WHAT TO WORK ON
Write out the records again exactly and exclude the pictures.

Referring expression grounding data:
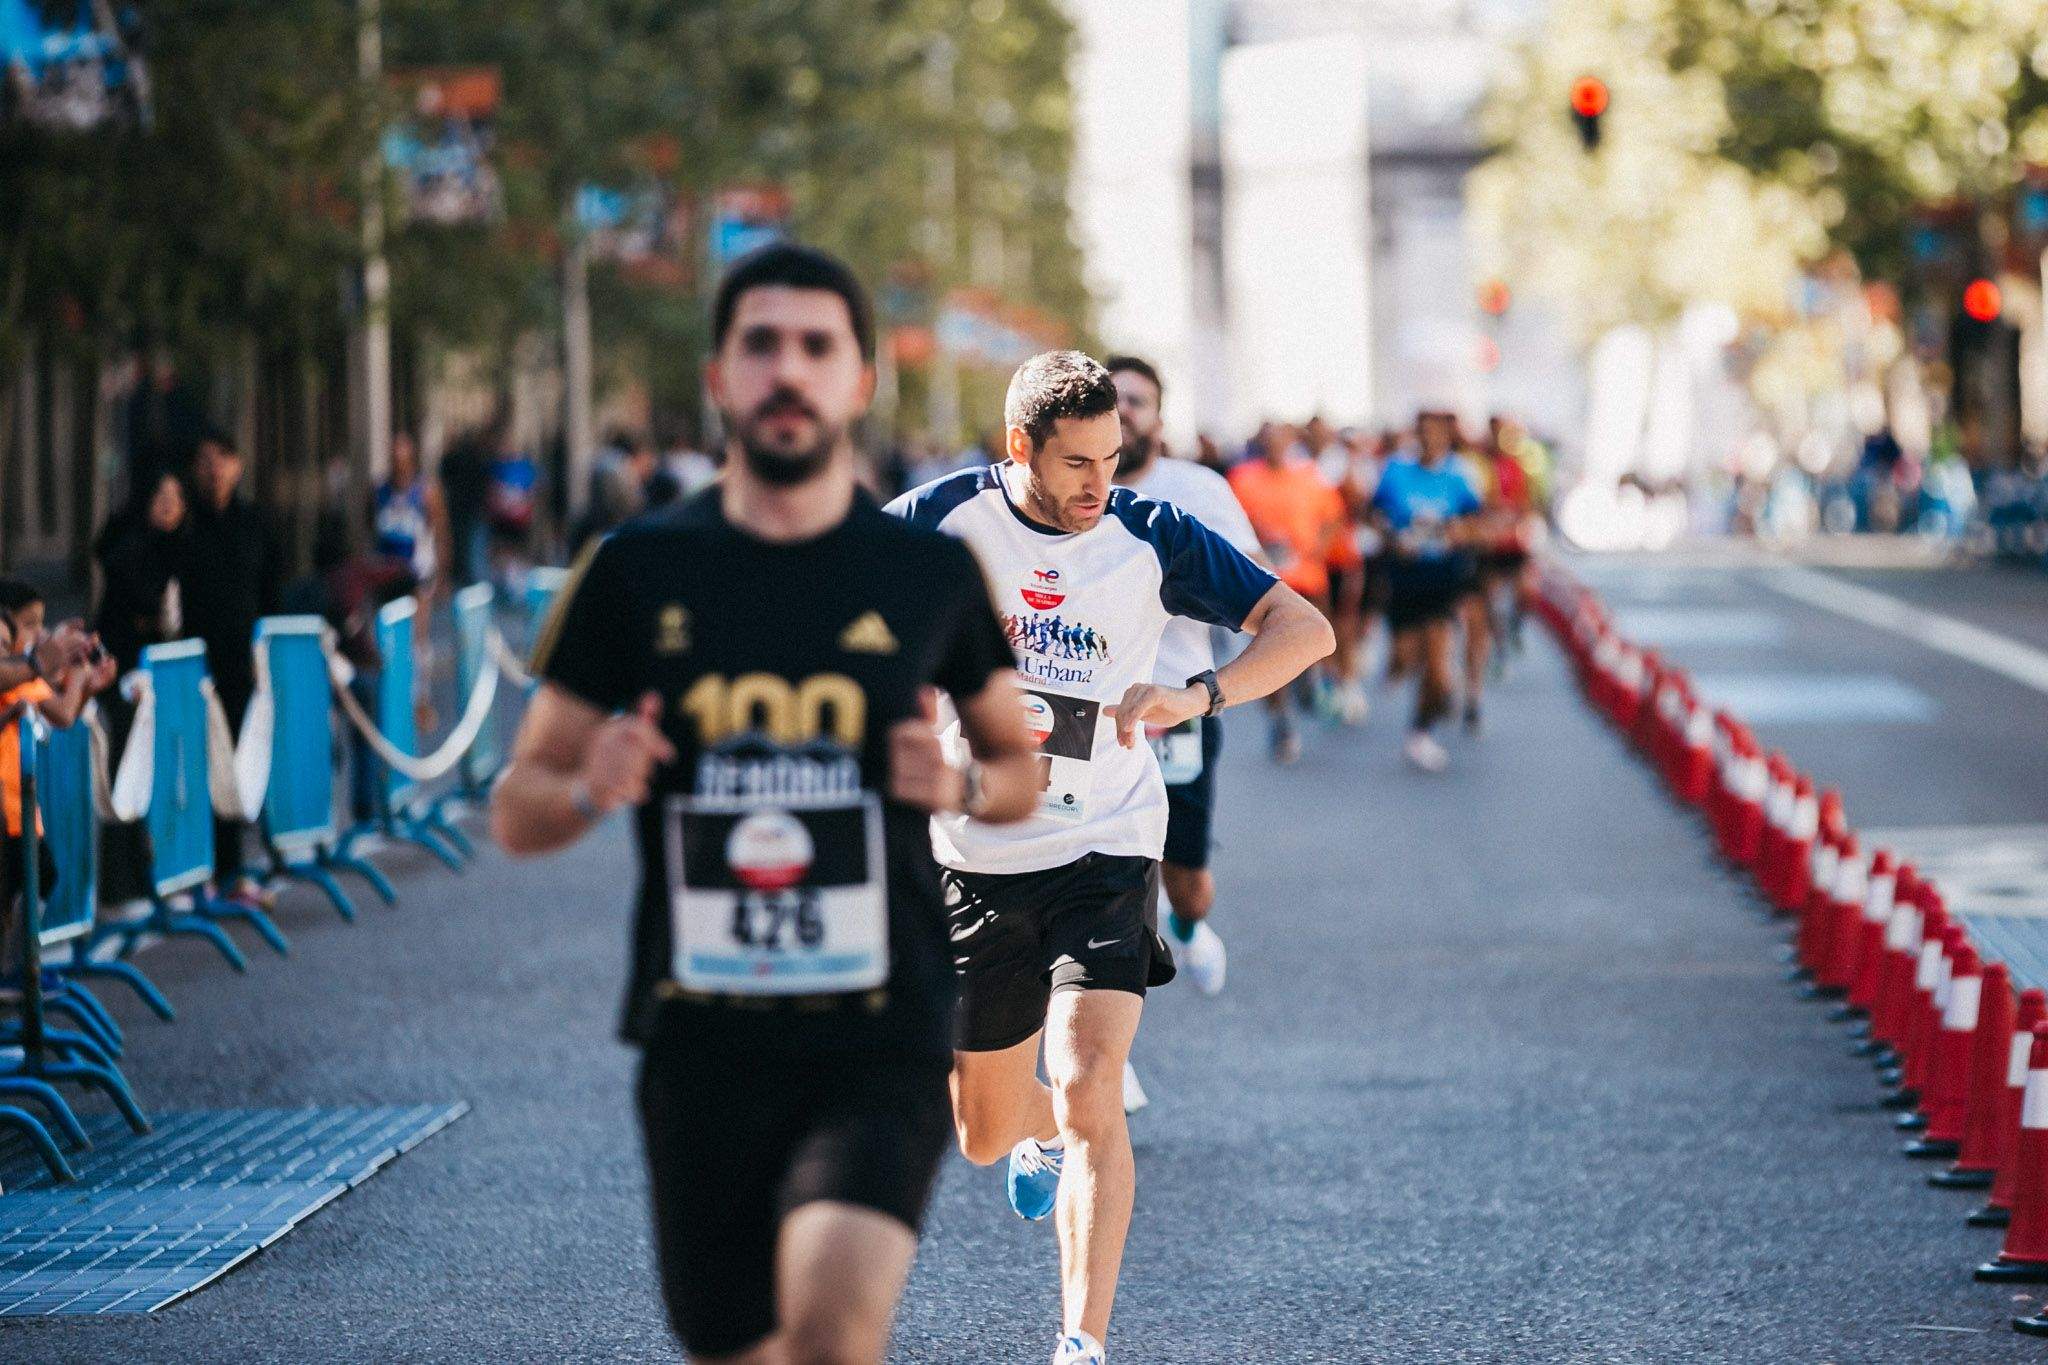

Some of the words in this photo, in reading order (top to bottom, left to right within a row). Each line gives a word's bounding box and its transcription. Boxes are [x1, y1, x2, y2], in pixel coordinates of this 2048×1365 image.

[1016, 672, 1047, 685] Madrid
[1024, 656, 1092, 683] Urbana
[683, 673, 866, 748] 100
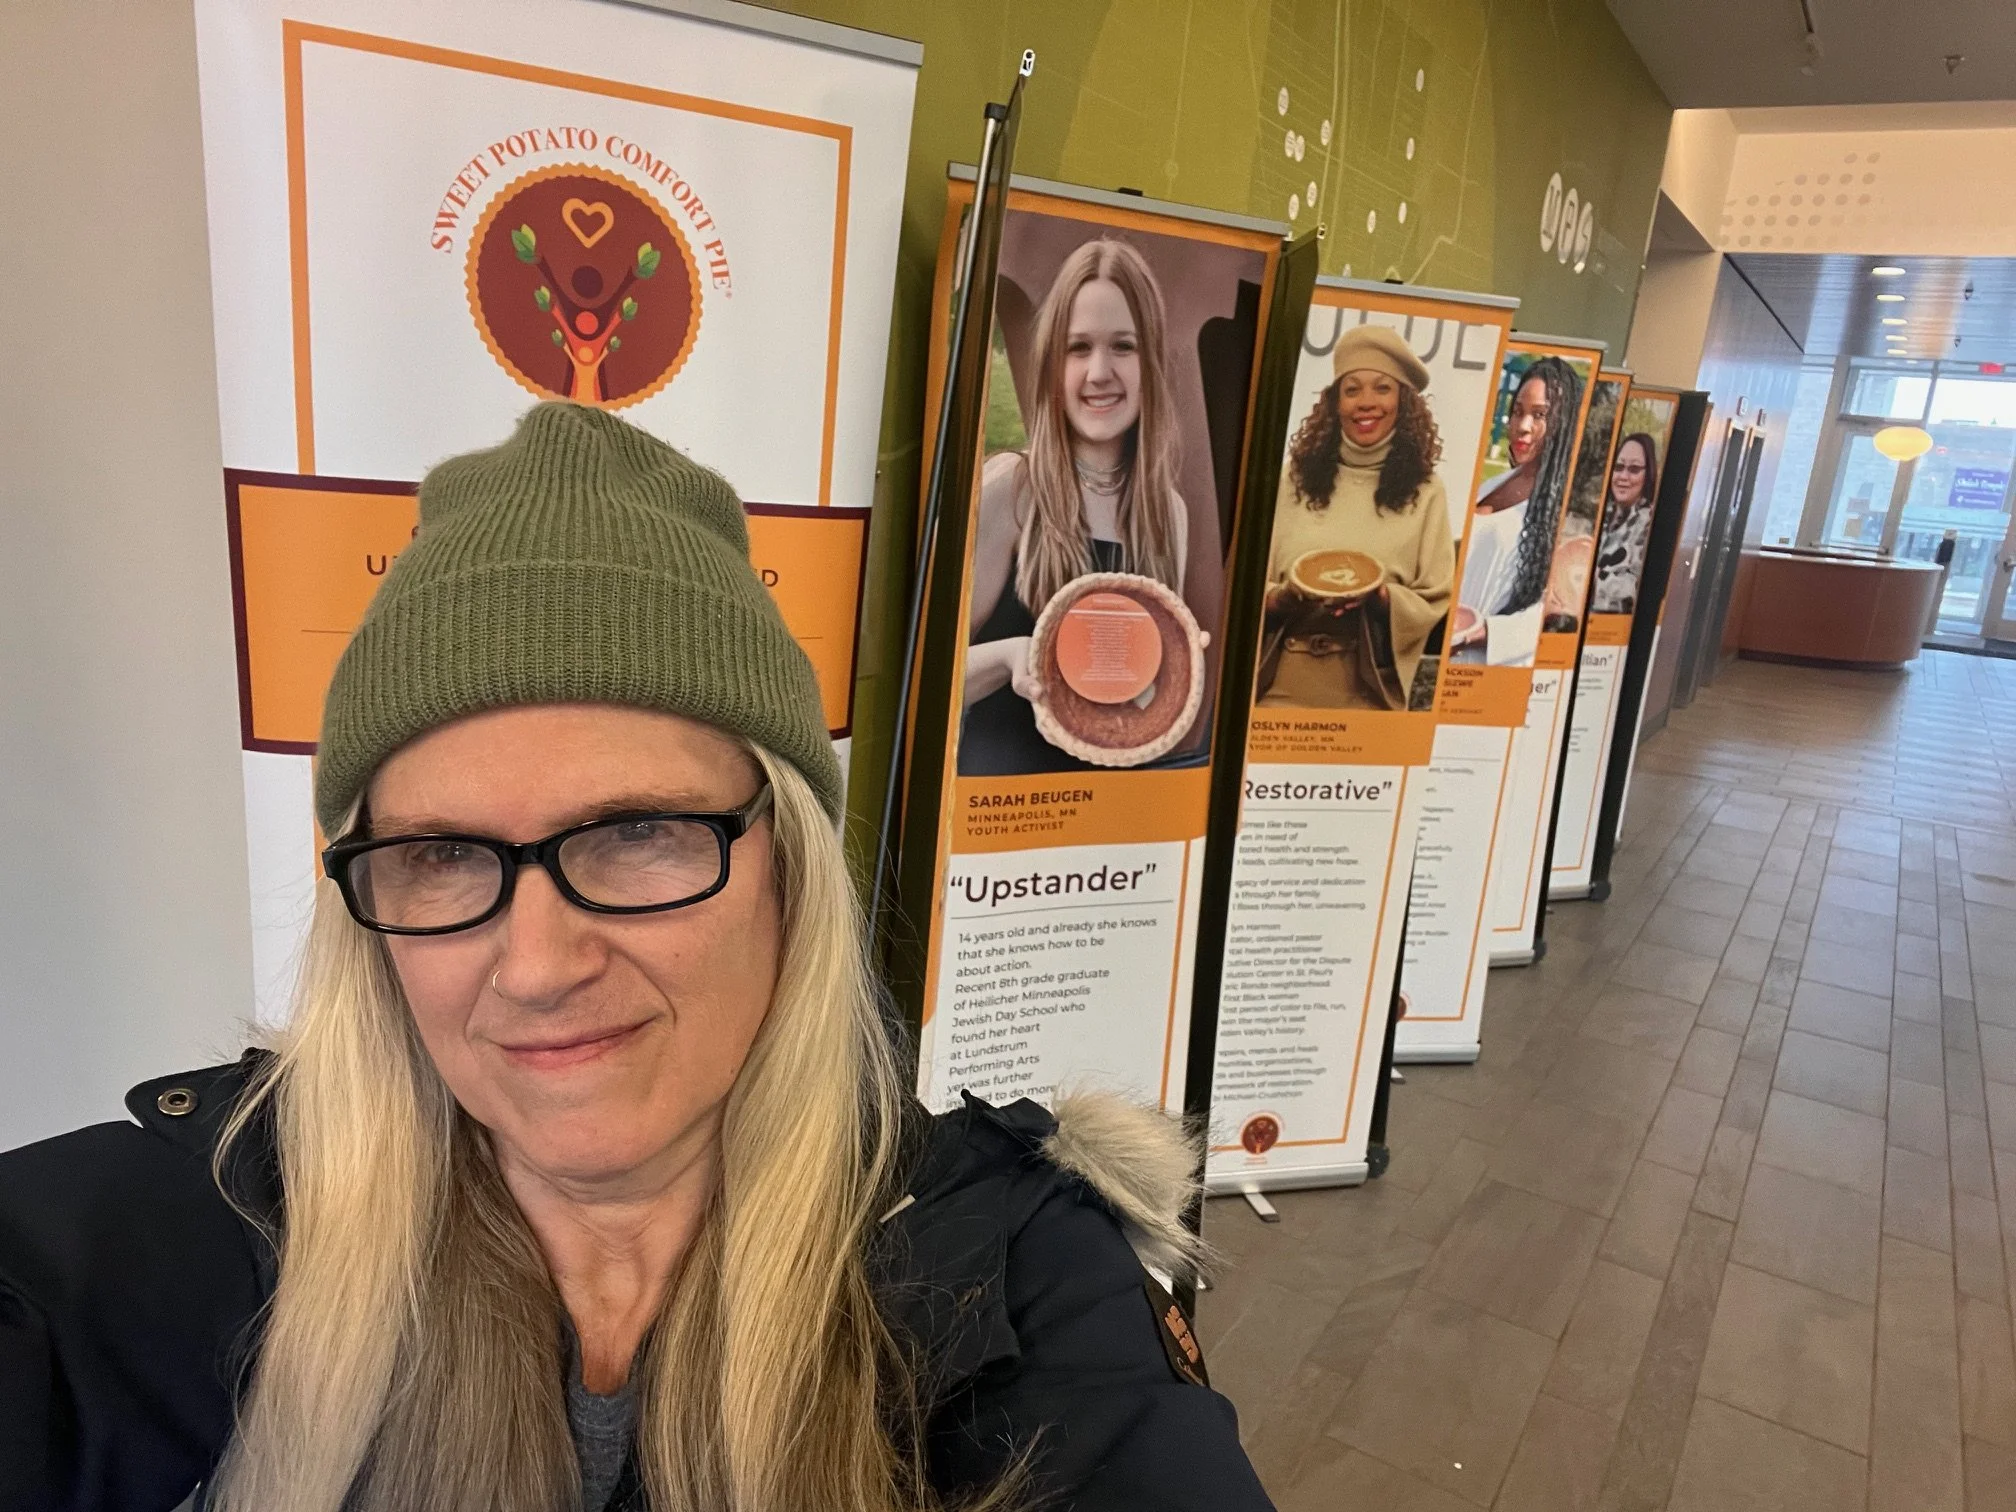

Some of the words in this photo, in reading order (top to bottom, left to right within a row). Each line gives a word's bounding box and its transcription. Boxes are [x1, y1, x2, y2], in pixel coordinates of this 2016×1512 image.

ANSWER SECTION
Some of the words in this photo, in reading order (top to bottom, left to right within a row). Each line gives a word's bounding box and its transcription. Boxes are [x1, y1, x2, y2], in pixel coordinates of this 2048×1365 image.

[1016, 672, 1047, 685] Madrid
[1024, 656, 1092, 683] Urbana
[683, 673, 866, 748] 100

Some of the words in this photo, in reading order (top to bottom, left to right within a row). Each line gives a word's bounding box and its transcription. Boxes are [x1, y1, x2, y2], in pixel coordinates of this 2016×1512 image.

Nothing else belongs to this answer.